At first glance, this is definitely a different book. The idea of reading a utopian story really appealed to me, and I think Badger really delivered on that idea. Of course we’re suspicious of the perfect world right from the start, but even that works for the story. In some ways the suspicion which is so well-voiced by Blaze is really what propels the story forward.

The most powerful moment comes when Wren is faced with the knowledge that what she’s believed to be true is based on lies. She must decide if she’s strong enough to pursue the truth or if she can allow herself to be lulled back into ignorance. Can she be happy if she knows it’s all fake? Badger captures the unraveling of the pure dystopian world, juxtaposing Wren’s breakdown against the echoes of bliss still experienced by other characters, revealing the truth in an almost horrifying clarity worthy of big league sci-fi writers.

Readers who enjoy Ursula K. LeGuin (particularly The Ones Who Walk Away from Omelas) should absolutely give State of Grace a read.

Language Content
No profanity.

Sexual Content
Characters are encouraged to have sex (referred to as hooking up) as often as they want with whomever they want, as long as it’s not with the same person twice (some couples choose same sex, others choose opposite sex. Anything goes.) In the Books of Dot, pleasure and fun are the highest values.

A boy uses Dot’s principles to manipulate girls into having sex with him. There aren’t a lot of details given. Wren recognizes that there’s something wrong with this, but isn’t immediately able to pinpoint what.

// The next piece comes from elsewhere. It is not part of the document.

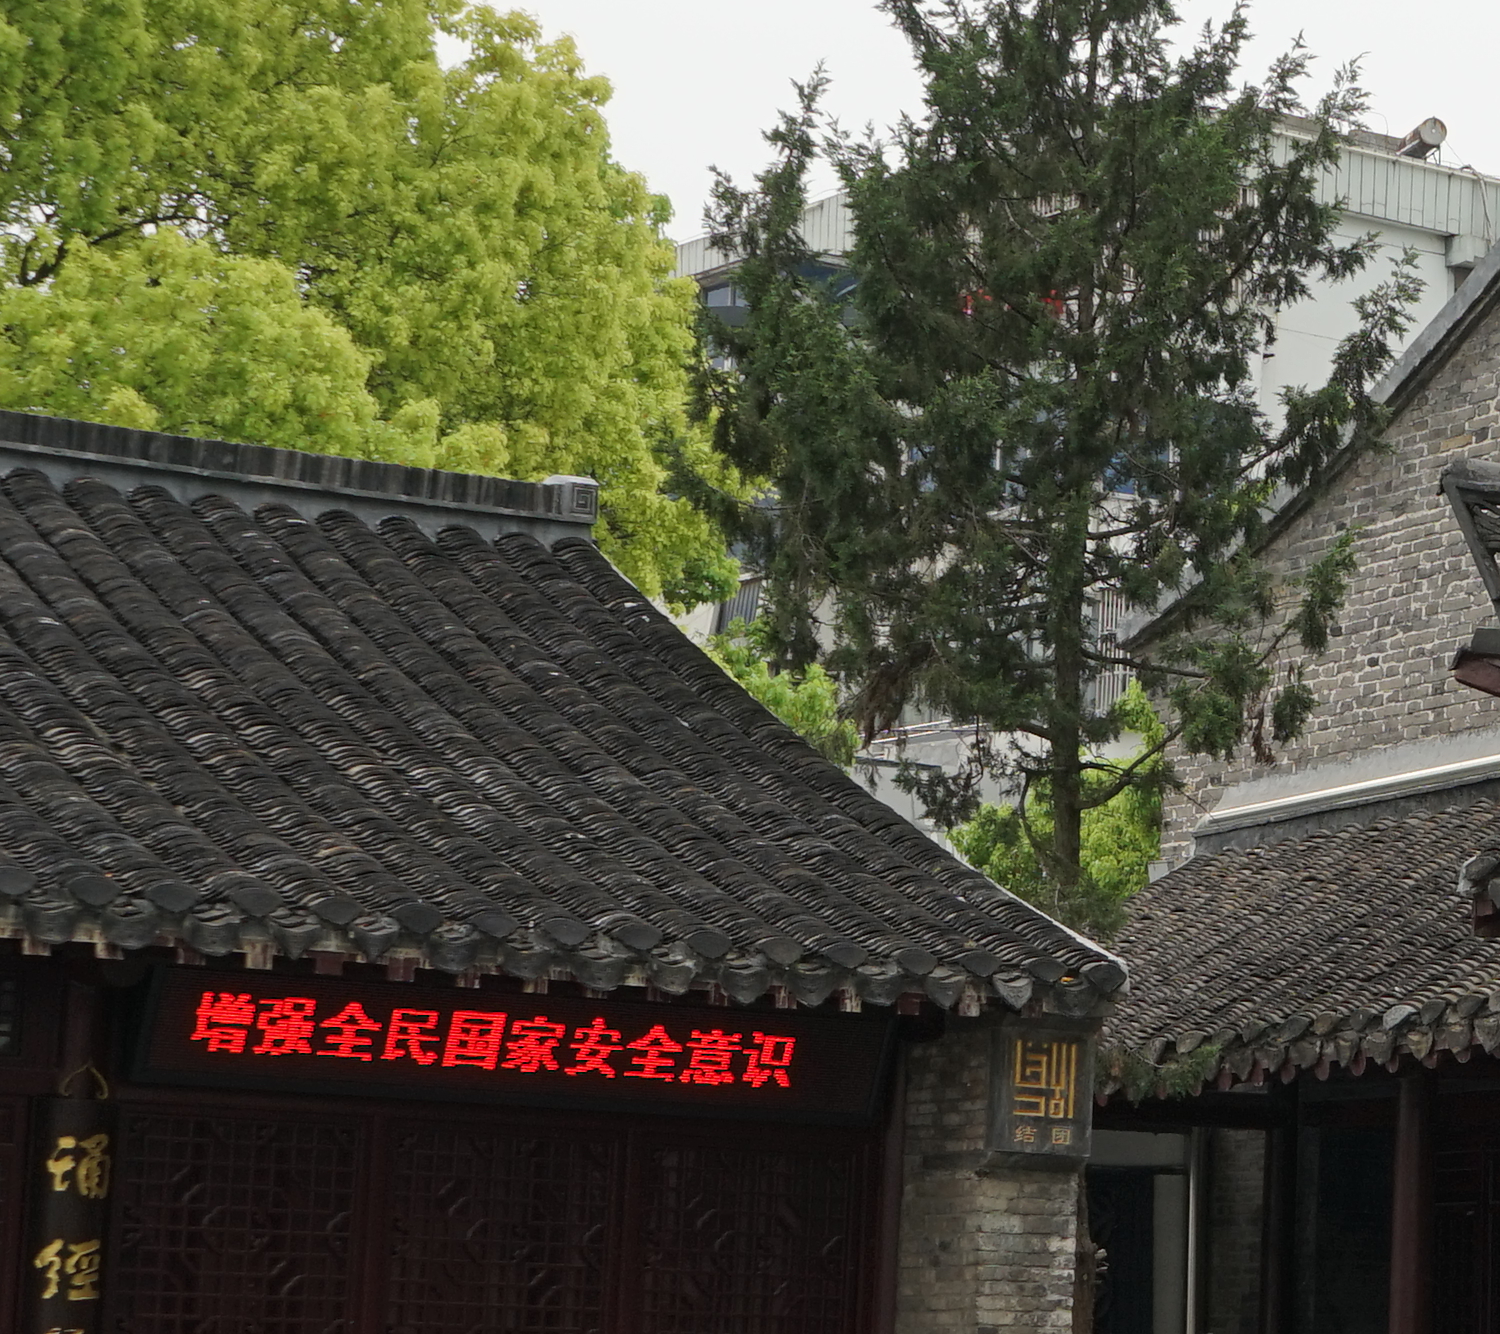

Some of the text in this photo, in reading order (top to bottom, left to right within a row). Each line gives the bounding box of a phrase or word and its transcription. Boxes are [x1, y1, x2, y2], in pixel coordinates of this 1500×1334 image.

Other hooking up scenes aren’t described either. Wren does refer to the boys’ “willies” and the girls’ “tatas” here and there. Clothing is also optional.

There’s a brief reference to a porn site and a nudist colony.

Spiritual Content
Characters worship Dot as their creator. She is an all-knowing goddess who left instructions within several books. One character claims to hear Dot’s voice. Each character is required to fill a bag with a special fruit as an offering to Dot each day. (See below for more information that includes a spoiler.)

Violence
A boy slits the neck of a deer and guts it. It’s a bit gruesome, which is kind of the point the author is making. A boy’s neck is cut later. There are some flashbacks which include information about a boy beating someone to death.

Drug Content
A boy encourages a girl to take prescription drugs and smoke cigarettes with him.

Spoiler
(Spiritual Content continued) Wren learns that everything she believed about Dot has been made up. She’s frustrated and angry, but also a bit relieved, because it was getting a little Lord of the Flies there for a while. At the end of the book she reflects on the difference between her earlier life and the present. She knows that anyone who has died isn’t out there with Dot. They simply don’t exist anymore. She has zero faith, and that’s implied to be this very superior experience.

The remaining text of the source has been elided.